TEMPO Interaktif, Jakarta - Asosiasi Produsen Daging dan Feedlot Indonesia meyakini tak akan terjadi penundaan ekspor sapi hidup dari Australia. Komentar ini diberikan menanggapi keputusan Australia yang akan menangguhkan ekspor hewan terhadap sejumlah rumah potong di Tanah Air. "Ïni baru rencana. Sebenarnya tidak ditunda," kata Direktur Eksekutif Apfindo, Joni Liano, kepada Tempo, Selasa, 31 Mei 2011.
Menurut Joni, Pemerintah Federal Australia yang diwakili oleh Menteri Pertanian, Joe Ludwig, lebih menekankan prosedur pemotongan hewan di Indonesia yang harus mengikuti kaidah kesejahteraan hewan atau animal welfare. "Ini sesuai dengan Undang-Undang Nomor 18 Tahun 2009 tentang Peternakan dan Kesehatan Hewan," kata dia.
Pasal 61 perundangan itu mengatakan pemotongan hewan yang dagingnya diedarkan harus dilakukan di rumah potong dan mengikuti cara penyembelihan yang memenuhi kaidah kesehatan masyarakat veteriner dan kesejahteraan hewan.
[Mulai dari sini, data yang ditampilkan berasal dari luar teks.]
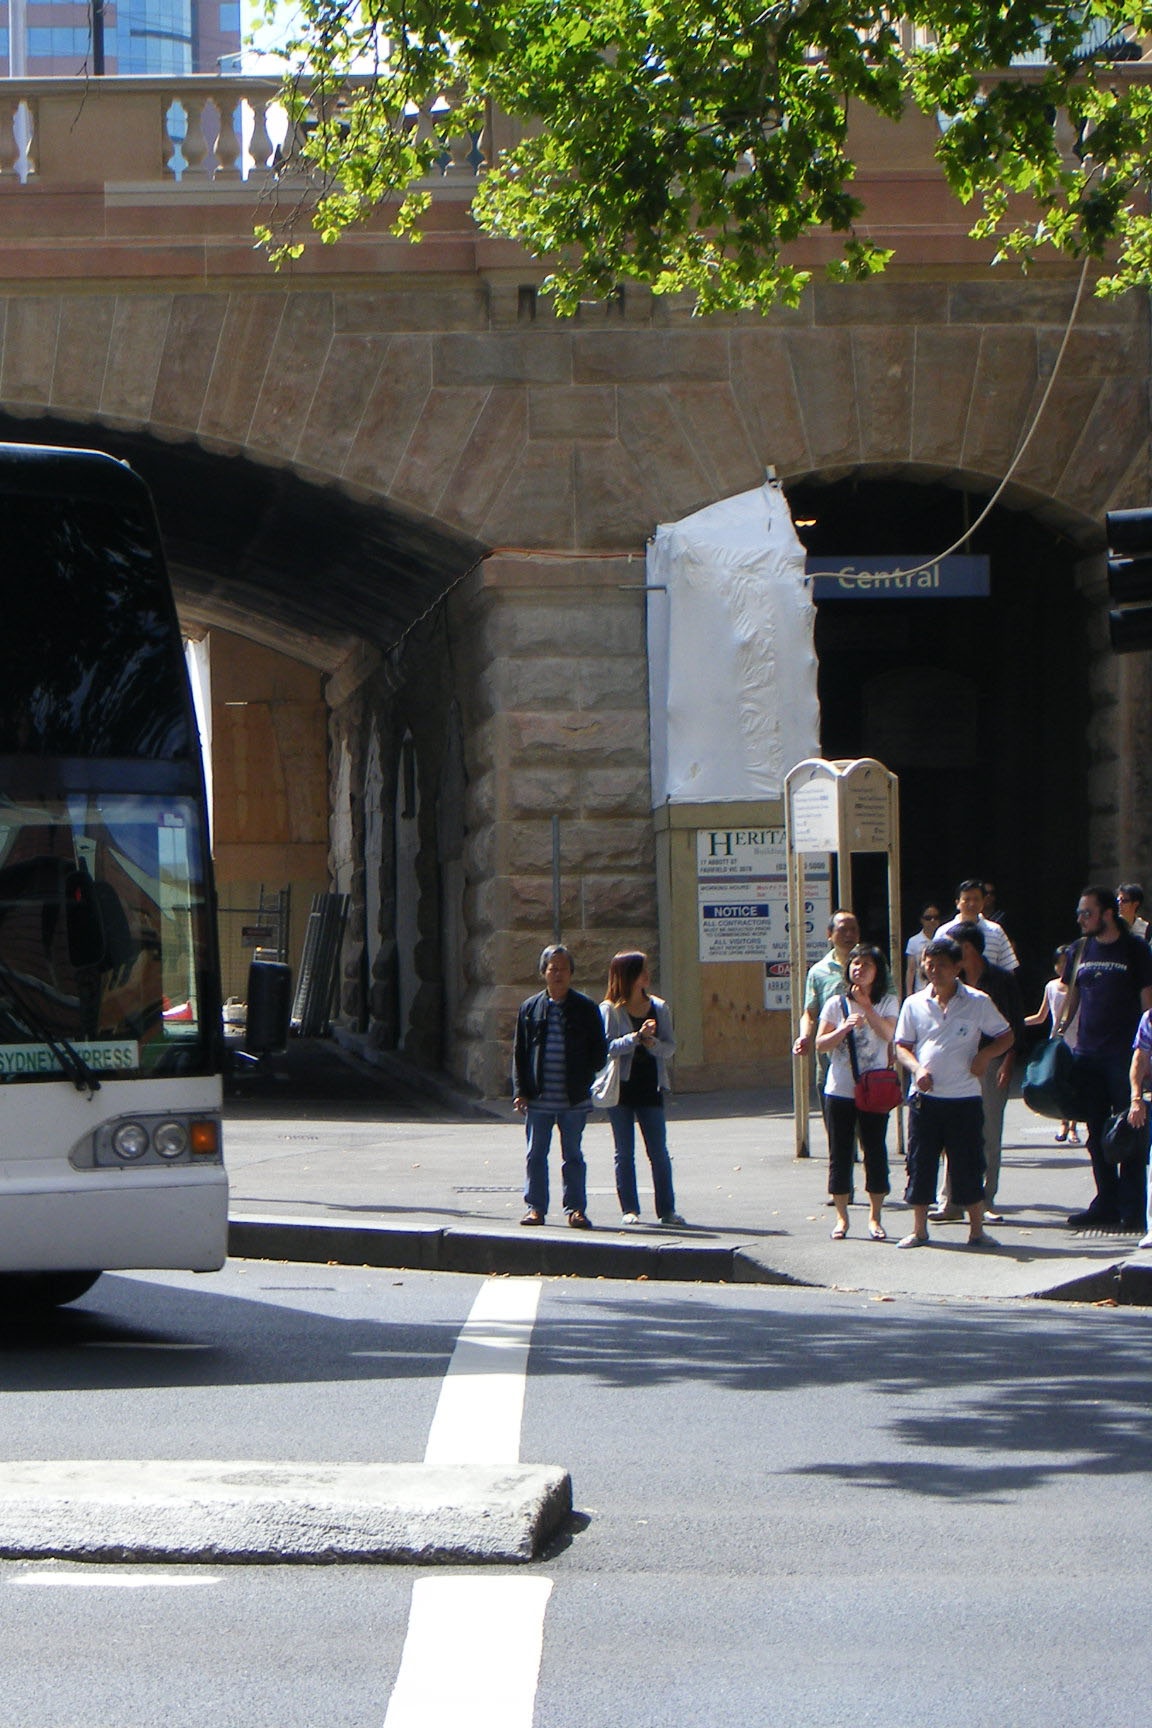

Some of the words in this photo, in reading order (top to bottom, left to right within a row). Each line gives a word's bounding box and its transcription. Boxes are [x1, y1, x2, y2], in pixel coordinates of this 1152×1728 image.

[838, 564, 940, 588] Central
[714, 906, 758, 917] NOTICE
[772, 942, 789, 950] MUS
[61, 1047, 132, 1069] PRESS
Joni mengakui penanganan pemotongan hewan memang jauh dari optimal. Ketimbang rumah pemotongan hewan (RPH), pemotongan hewan jauh lebih baik saat ditangani budi daya.
Sejak dua tahun lalu, pihaknya telah memperbaiki sejumlah RPH. Misalnya, kata Joni, pihaknya menerangkan cara penanganan pemotongan hewan yang baik. Supaya tidak stres, sapi sebelum dipotong dimasukkan ke dalam restrained box, kemudian direbahkan. Selanjutnya, ada dua cara untuk memotong hewan, yaitu dipingsankan atau tidak dipingsankan.
"Kedua cara itu sudah dibolehkan oleh MUI (Majelis Ulama Indonesia)," kata dia. Setelah dipingsankan, menurut Joni, sapi baru dapat dipotong. Pemotongan leher sapi pun harus mantap, tidak boleh berkali-kali. "Harus satu kali potong," ujarnya.
Pemerintah Australia menangguhkan ekspor hewan terhadap sejumlah rumah potong di Indonesia. Menteri Ludwig mengatakan keputusan tersebut mengacu pada bukti yang dikumpulkan oleh lembaga swadaya masyarakat, Animals Australia. Tayangan ABC bertajuk Four Corners pada Senin, 30 Mei 2011, menunjukkan ternak dianiaya sebelum disembelih.